One hot for unequal class batch in semantic segmentation

talhaanwarch · July 25, 2021, 6:53am

Let suppose i have 60 classes and not all images have 60 classes.
So let say my first batch has 40 classes, so it will encoded it up to 40 classes and my second batch has 50 classes, so it encode it up to 50 classes. Shouldnot it be 60 class encoding in all batches?

KFrank · July 25, 2021, 6:00pm

Hi Talha!

Yes, you should encode all 60 classes for all of your batches even
if some batches don’t happen to have all 60 classes in them.

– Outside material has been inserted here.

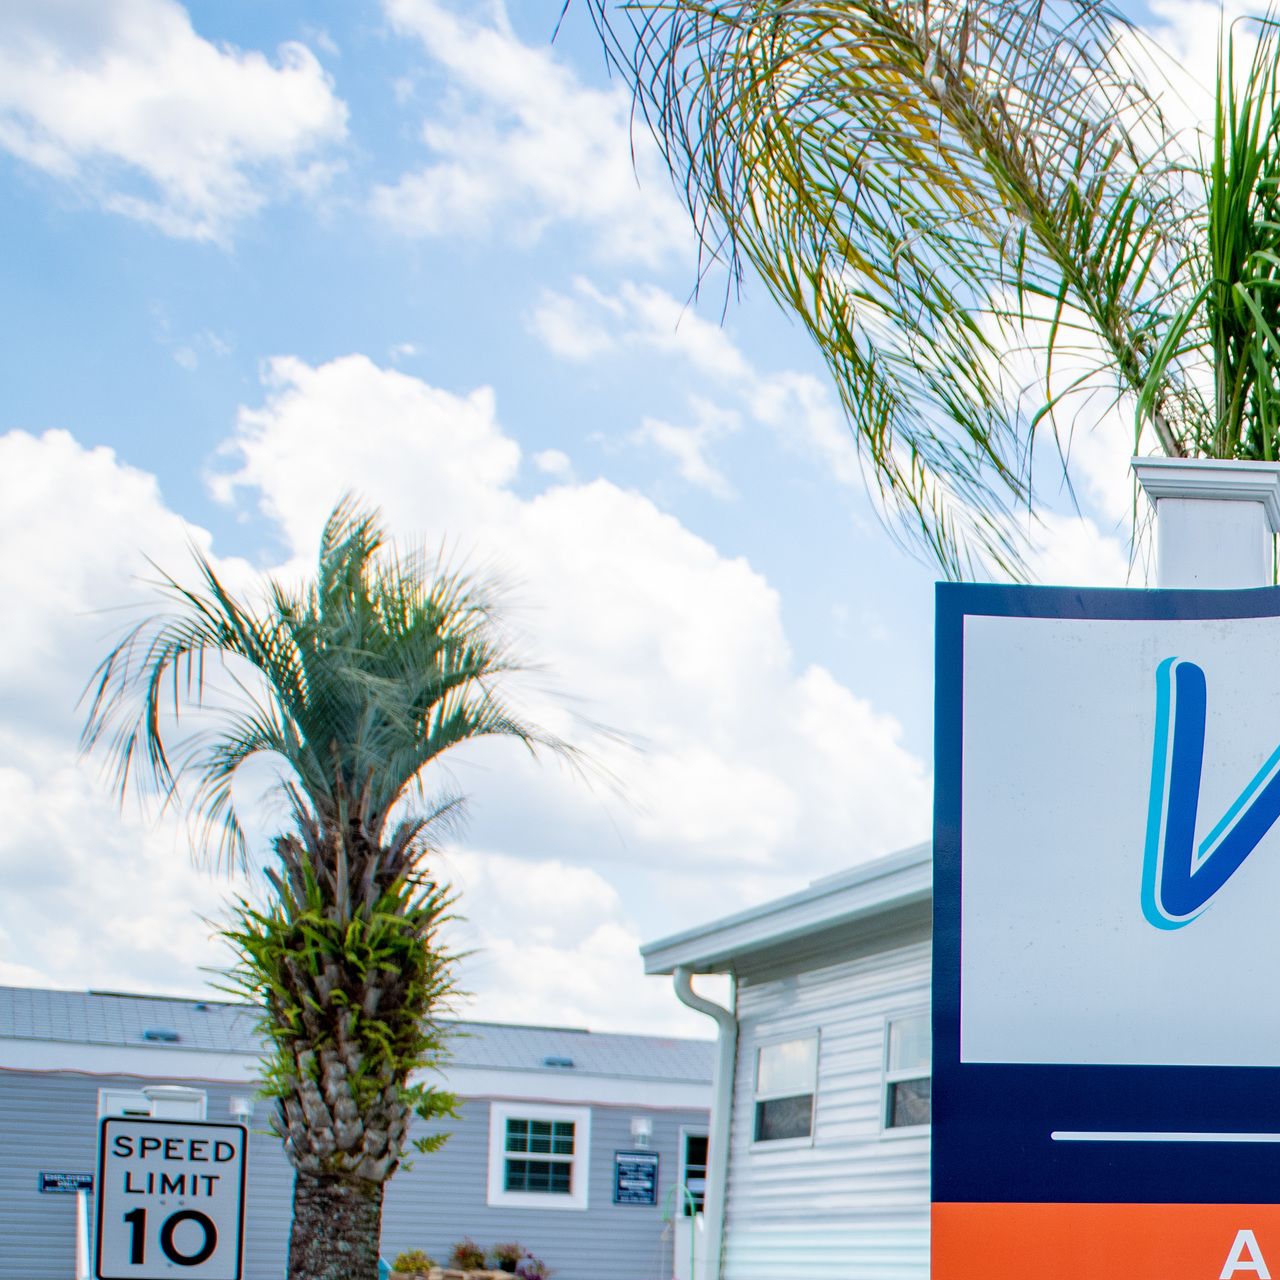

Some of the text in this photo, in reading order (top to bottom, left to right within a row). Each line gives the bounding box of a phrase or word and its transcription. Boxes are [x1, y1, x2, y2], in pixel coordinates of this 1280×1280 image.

To expand on this a little: Your network architecture will have the
60 classes built into it (at least in standard approaches). Let’s say
that we label your 60 classes with the integers 0, …, 59. Now let’s
say that a particular batch happens to have only three classes in it,
specifically 3, 27, and 45. If you were to label this batch with, say, 0,
1, and 2, so that you gave class-27 the label 1, your network wouldn’t
know what that meant.

As an aside, whether you use one-hot encoding or something else
to label your classes is irrelevant to this question – you need all 60
either way. Having said that, you shouldn’t be using one-hot encoding.
Semantic segmentation is a classification problem (You classify
individual pixels.), so you would most typically use some version
of a cross-entropy-like loss function. Pytorch’s cross-entropy loss
functions use integer categorical class labels (like I alluded to, above),
and don’t work with one-hot encoding.

(You should also be aware that people sometimes – mistakenly – use
the term “one hot” to refer class labels of any sort, even if they are
not actually one-hot encoded. This, of course, can be confusing.)

Best.

K. Frank

talhaanwarch · July 26, 2021, 9:10am

I am using pytorch one hot function for this, in each batch I applied this function. do I need to some thing extra or this function internally manage that.
what other way is that find those images which have all 60 labels, use sklean one hot encoder and fit on it then on all rest of images, just transform it

KFrank · July 26, 2021, 2:10pm

Hi Talha!

Why are you using torch.nn.functional.one_hot()? I noted in my
previous that you probably don’t want to use one_hot(). What
is your specific goal?

Why do you want to find those images that have all 60 labels?
(It’s at least a possibility that no single image has all of the labels.)

What is your actual use case? What is your larger goal here?

Best.

K. Frank

talhaanwarch · July 26, 2021, 10:44pm

I am trying to calculate dice coefficient for that purpose I need to average each class. for that I need one hot encoded vector. here is code

from einops import rearrange
def dice_coef_multilabel(mask_pred,mask_gt  ):
    def compute_dice_coefficient(mask_pred,mask_gt, smooth = 0.0001):
      """Compute soerensen-dice coefficient.
      compute the soerensen-dice coefficient between the ground truth mask `mask_gt`
      and the predicted mask `mask_pred`. 

      Args:
        mask_gt: 4-dim Numpy array of type bool. The ground truth mask. [B, 1, H, W]
        mask_pred: 4-dim Numpy array of type bool. The predicted mask. [B, C, H, W]
      Returns:
        the dice coeffcient as float. If both masks are empty, the result is NaN
      """
      volume_sum = mask_gt.sum() + mask_pred.sum()
      
      volume_intersect = (mask_gt * mask_pred).sum()
      return (2*volume_intersect+smooth) / (volume_sum+smooth)
    dice=0
    n_pred_ch = mask_pred.shape[1]
    mask_pred=torch.softmax(mask_pred, 1)
    mask_gt=F.one_hot(mask_gt.long(), num_classes=n_pred_ch) #create one hot vector
    mask_gt=rearrange(mask_gt, 'd0 d1 d2 d3 d4 -> d0 (d1 d4) d2 d3 ')  #reshape one hot vector

    for ind in range(1,n_pred_ch):
        dice += compute_dice_coefficient(mask_gt[:,ind,:,:], mask_pred[:,ind,:,:])
    return dice/n_pred_ch # taking average

KFrank · July 27, 2021, 2:03am

Hi Talha!

Okay, for Dice loss, one_hot() makes sense.

This line from the code you’ve posted seems to indicate that you’ve
answered your own question.

To repeat my question from my previous post: Why do you want to
find those images that have all 60 labels?

As an aside, some people find that for semantic segmentation using
Dice loss to augment CrossEntropyLoss works better than using
Dice loss in isolation. You might want to explore that after you get
your Dice loss working.

Best.

K. Frank